Assignment: Repeat the data exactly. Pictures are not part of the copy.

*** Data records Section Begins ***

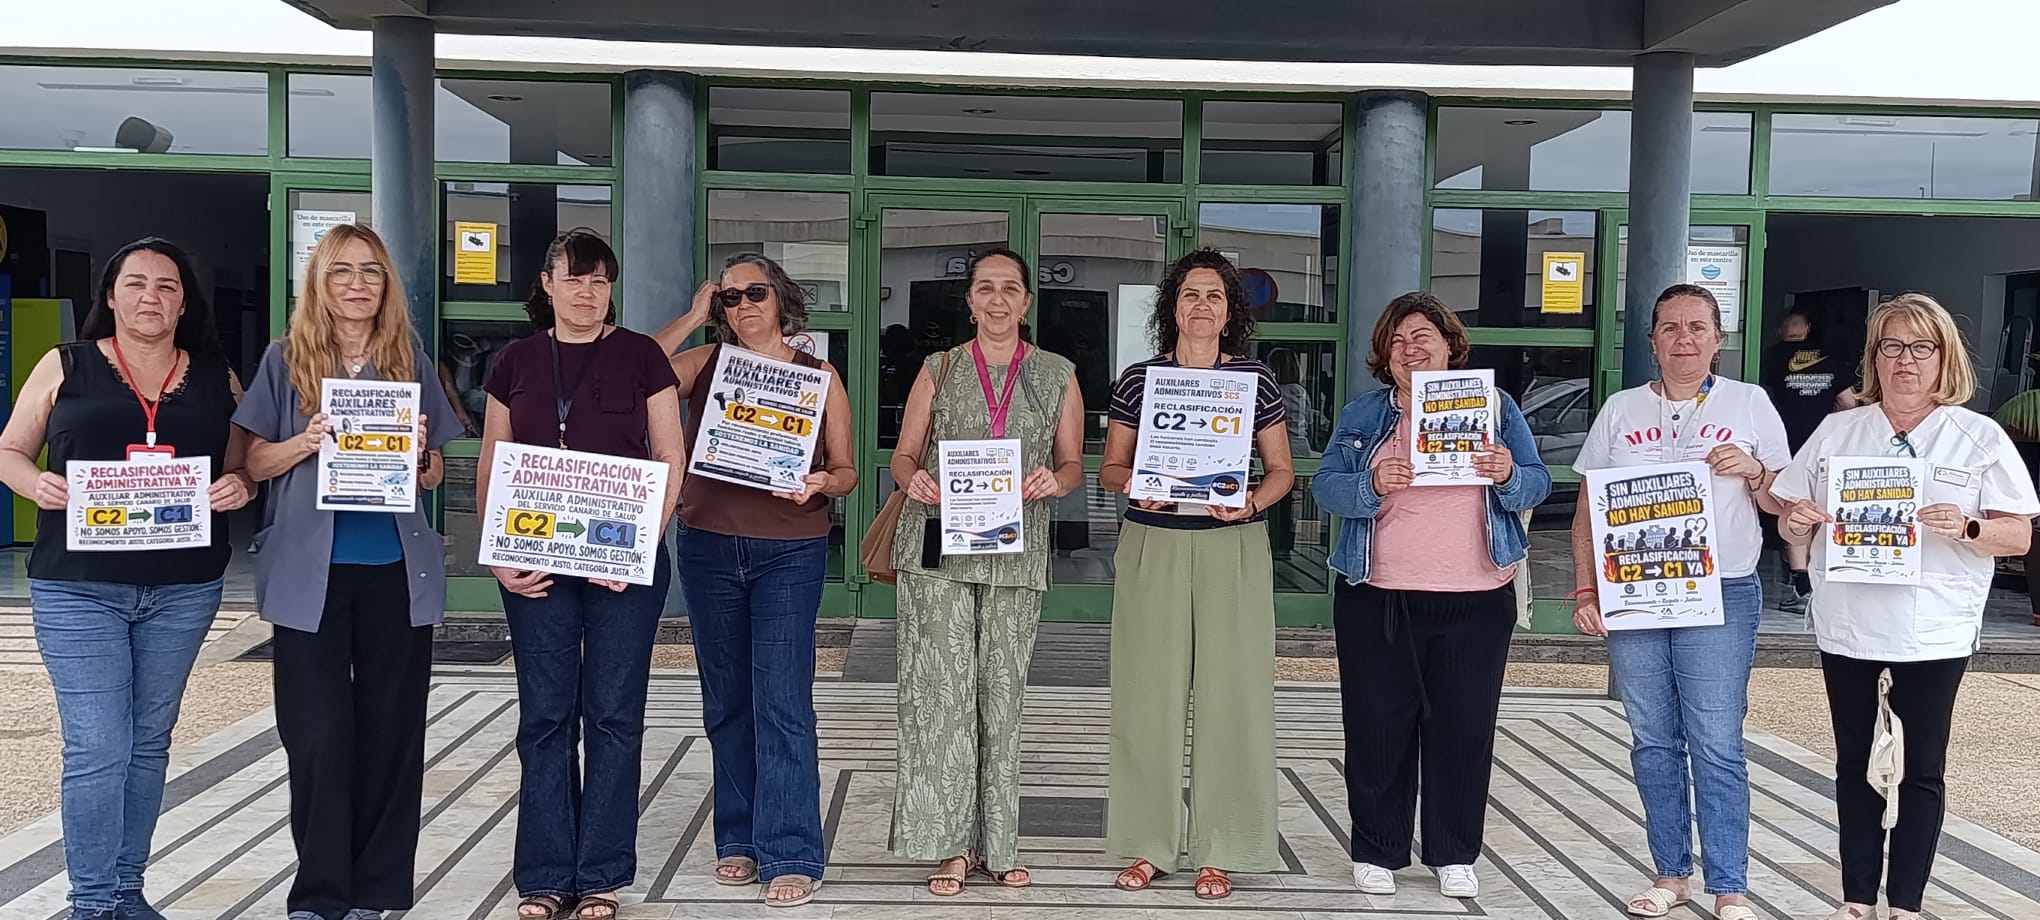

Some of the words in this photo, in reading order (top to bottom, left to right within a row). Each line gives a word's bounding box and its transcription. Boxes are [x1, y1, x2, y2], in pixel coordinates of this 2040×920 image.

[723, 364, 802, 391] AUXILIARES
[728, 356, 821, 384] RECLASIFICACIÓN
[722, 376, 800, 398] ADMINISTRATIVOS
[1155, 378, 1200, 388] AUXILIARES
[1427, 382, 1440, 392] SIN
[1441, 379, 1482, 390] AUXILIARES
[332, 388, 412, 398] RECLASIFICACIÓN
[799, 390, 818, 406] YA
[1154, 388, 1222, 398] ADMINISTRATIVOS
[1224, 392, 1240, 400] SCS
[1426, 388, 1484, 400] ADMINISTRATIVOS
[330, 398, 397, 408] AUXILIARES
[1154, 402, 1242, 414] RECLASIFICACIÓN
[1425, 402, 1436, 412] NO
[1440, 400, 1453, 410] HAY
[1455, 398, 1486, 409] SANIDAD
[330, 408, 396, 417] ADMINISTRATIVOS
[396, 408, 412, 423] YA
[733, 406, 756, 423] C2
[782, 416, 804, 434] C1
[1153, 412, 1186, 430] C2
[1211, 415, 1241, 435] C1
[344, 435, 364, 450] C2
[386, 436, 404, 451] C1
[1427, 441, 1442, 452] C2
[1456, 440, 1470, 452] C1
[90, 464, 190, 478] RECLASIFICACIÓN
[520, 452, 642, 482] RECLASIFICACIÓN
[948, 469, 1012, 477] RECLASIFICACIÓN
[1846, 470, 1860, 480] SIN
[1862, 468, 1908, 479] AUXILIARES
[86, 478, 182, 490] ADMINISTRATIVA
[184, 476, 198, 486] YA
[512, 470, 628, 496] ADMINISTRATIVA
[632, 484, 648, 500] YA
[950, 478, 974, 494] C2
[992, 478, 1012, 492] C1
[1610, 482, 1629, 496] SIN
[1631, 474, 1692, 493] AUXILIARES
[1844, 478, 1910, 490] ADMINISTRATIVOS
[88, 493, 130, 501] AUXILIAR
[134, 490, 196, 499] ADMINISTRATIVO
[512, 489, 562, 504] AUXILIAR
[566, 494, 644, 514] ADMINISTRATIVO
[1611, 487, 1696, 509] ADMINISTRATIVOS
[1842, 490, 1856, 500] NO
[1858, 489, 1874, 500] HAY
[1876, 488, 1912, 499] SANIDAD
[92, 508, 122, 524] C2
[160, 508, 188, 522] C1
[518, 500, 531, 508] DEL
[534, 502, 566, 512] SERVICIO
[568, 506, 600, 516] CANARIO
[614, 511, 636, 521] SALUD
[1610, 510, 1627, 525] NO
[1630, 506, 1651, 522] HAY
[1653, 501, 1701, 518] SANIDAD
[80, 527, 92, 536] NO
[95, 527, 120, 536] SOMOS
[149, 526, 172, 534] SOMOS
[514, 512, 549, 536] C2
[595, 522, 628, 546] C1
[1845, 524, 1907, 534] RECLASIFICACIÓN
[1844, 533, 1862, 544] C2
[1878, 534, 1893, 546] C1
[1896, 535, 1908, 546] YA
[496, 536, 510, 548] NO
[514, 538, 544, 552] SOMOS
[579, 545, 608, 560] SOMOS
[610, 550, 642, 564] GESTIÓN
[1618, 550, 1700, 565] RECLASIFICACIÓN
[492, 552, 550, 567] RECONOCIMIENTO
[574, 561, 608, 574] CATEGORÍA
[610, 566, 630, 576] JUSTA
[1620, 565, 1642, 582] C2
[1664, 562, 1682, 578] C1
[1686, 562, 1704, 575] YA
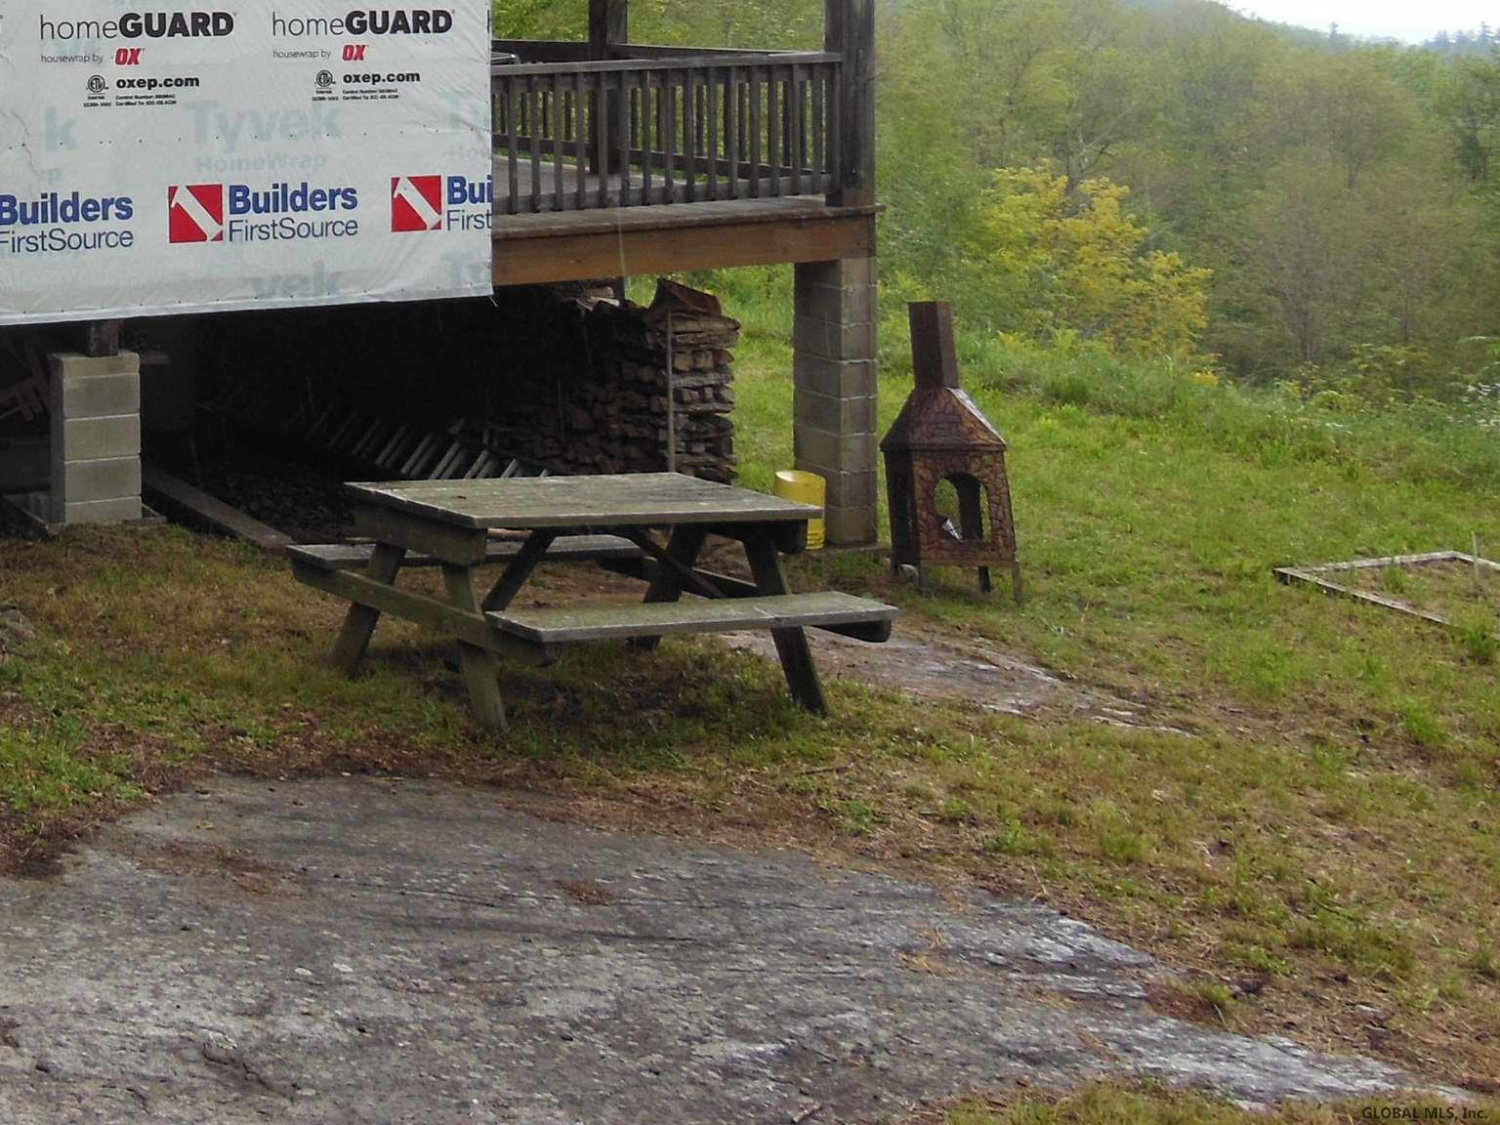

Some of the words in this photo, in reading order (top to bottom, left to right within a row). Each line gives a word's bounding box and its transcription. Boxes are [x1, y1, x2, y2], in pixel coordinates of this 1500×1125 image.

[40, 12, 234, 39] homeGUARD
[272, 9, 453, 36] homeGUARD
[92, 52, 104, 63] by
[115, 48, 141, 65] OX
[320, 49, 331, 59] by
[342, 44, 366, 61] OX
[116, 77, 199, 90] oxep.com
[343, 71, 420, 85] oxep.com
[228, 182, 357, 215] Builders
[228, 217, 357, 242] FirstSource

*** Data records Section Ends ***

Output below:
Some of the words in this photo, in reading order (top to bottom, left to right within a row). Each line gives a word's bounding box and its transcription. Boxes are [x1, y1, x2, y2], in pixel coordinates of this 2040×920 image.

[723, 364, 802, 391] AUXILIARES
[728, 356, 821, 384] RECLASIFICACIÓN
[722, 376, 800, 398] ADMINISTRATIVOS
[1155, 378, 1200, 388] AUXILIARES
[1427, 382, 1440, 392] SIN
[1441, 379, 1482, 390] AUXILIARES
[332, 388, 412, 398] RECLASIFICACIÓN
[799, 390, 818, 406] YA
[1154, 388, 1222, 398] ADMINISTRATIVOS
[1224, 392, 1240, 400] SCS
[1426, 388, 1484, 400] ADMINISTRATIVOS
[330, 398, 397, 408] AUXILIARES
[1154, 402, 1242, 414] RECLASIFICACIÓN
[1425, 402, 1436, 412] NO
[1440, 400, 1453, 410] HAY
[1455, 398, 1486, 409] SANIDAD
[330, 408, 396, 417] ADMINISTRATIVOS
[396, 408, 412, 423] YA
[733, 406, 756, 423] C2
[782, 416, 804, 434] C1
[1153, 412, 1186, 430] C2
[1211, 415, 1241, 435] C1
[344, 435, 364, 450] C2
[386, 436, 404, 451] C1
[1427, 441, 1442, 452] C2
[1456, 440, 1470, 452] C1
[90, 464, 190, 478] RECLASIFICACIÓN
[520, 452, 642, 482] RECLASIFICACIÓN
[948, 469, 1012, 477] RECLASIFICACIÓN
[1846, 470, 1860, 480] SIN
[1862, 468, 1908, 479] AUXILIARES
[86, 478, 182, 490] ADMINISTRATIVA
[184, 476, 198, 486] YA
[512, 470, 628, 496] ADMINISTRATIVA
[632, 484, 648, 500] YA
[950, 478, 974, 494] C2
[992, 478, 1012, 492] C1
[1610, 482, 1629, 496] SIN
[1631, 474, 1692, 493] AUXILIARES
[1844, 478, 1910, 490] ADMINISTRATIVOS
[88, 493, 130, 501] AUXILIAR
[134, 490, 196, 499] ADMINISTRATIVO
[512, 489, 562, 504] AUXILIAR
[566, 494, 644, 514] ADMINISTRATIVO
[1611, 487, 1696, 509] ADMINISTRATIVOS
[1842, 490, 1856, 500] NO
[1858, 489, 1874, 500] HAY
[1876, 488, 1912, 499] SANIDAD
[92, 508, 122, 524] C2
[160, 508, 188, 522] C1
[518, 500, 531, 508] DEL
[534, 502, 566, 512] SERVICIO
[568, 506, 600, 516] CANARIO
[614, 511, 636, 521] SALUD
[1610, 510, 1627, 525] NO
[1630, 506, 1651, 522] HAY
[1653, 501, 1701, 518] SANIDAD
[80, 527, 92, 536] NO
[95, 527, 120, 536] SOMOS
[149, 526, 172, 534] SOMOS
[514, 512, 549, 536] C2
[595, 522, 628, 546] C1
[1845, 524, 1907, 534] RECLASIFICACIÓN
[1844, 533, 1862, 544] C2
[1878, 534, 1893, 546] C1
[1896, 535, 1908, 546] YA
[496, 536, 510, 548] NO
[514, 538, 544, 552] SOMOS
[579, 545, 608, 560] SOMOS
[610, 550, 642, 564] GESTIÓN
[1618, 550, 1700, 565] RECLASIFICACIÓN
[492, 552, 550, 567] RECONOCIMIENTO
[574, 561, 608, 574] CATEGORÍA
[610, 566, 630, 576] JUSTA
[1620, 565, 1642, 582] C2
[1664, 562, 1682, 578] C1
[1686, 562, 1704, 575] YA

Some of the words in this photo, in reading order (top to bottom, left to right within a row). Each line gives a word's bounding box and its transcription. Boxes are [x1, y1, x2, y2], in pixel coordinates of this 1500×1125 image.

[40, 12, 234, 39] homeGUARD
[272, 9, 453, 36] homeGUARD
[92, 52, 104, 63] by
[115, 48, 141, 65] OX
[320, 49, 331, 59] by
[342, 44, 366, 61] OX
[116, 77, 199, 90] oxep.com
[343, 71, 420, 85] oxep.com
[228, 182, 357, 215] Builders
[228, 217, 357, 242] FirstSource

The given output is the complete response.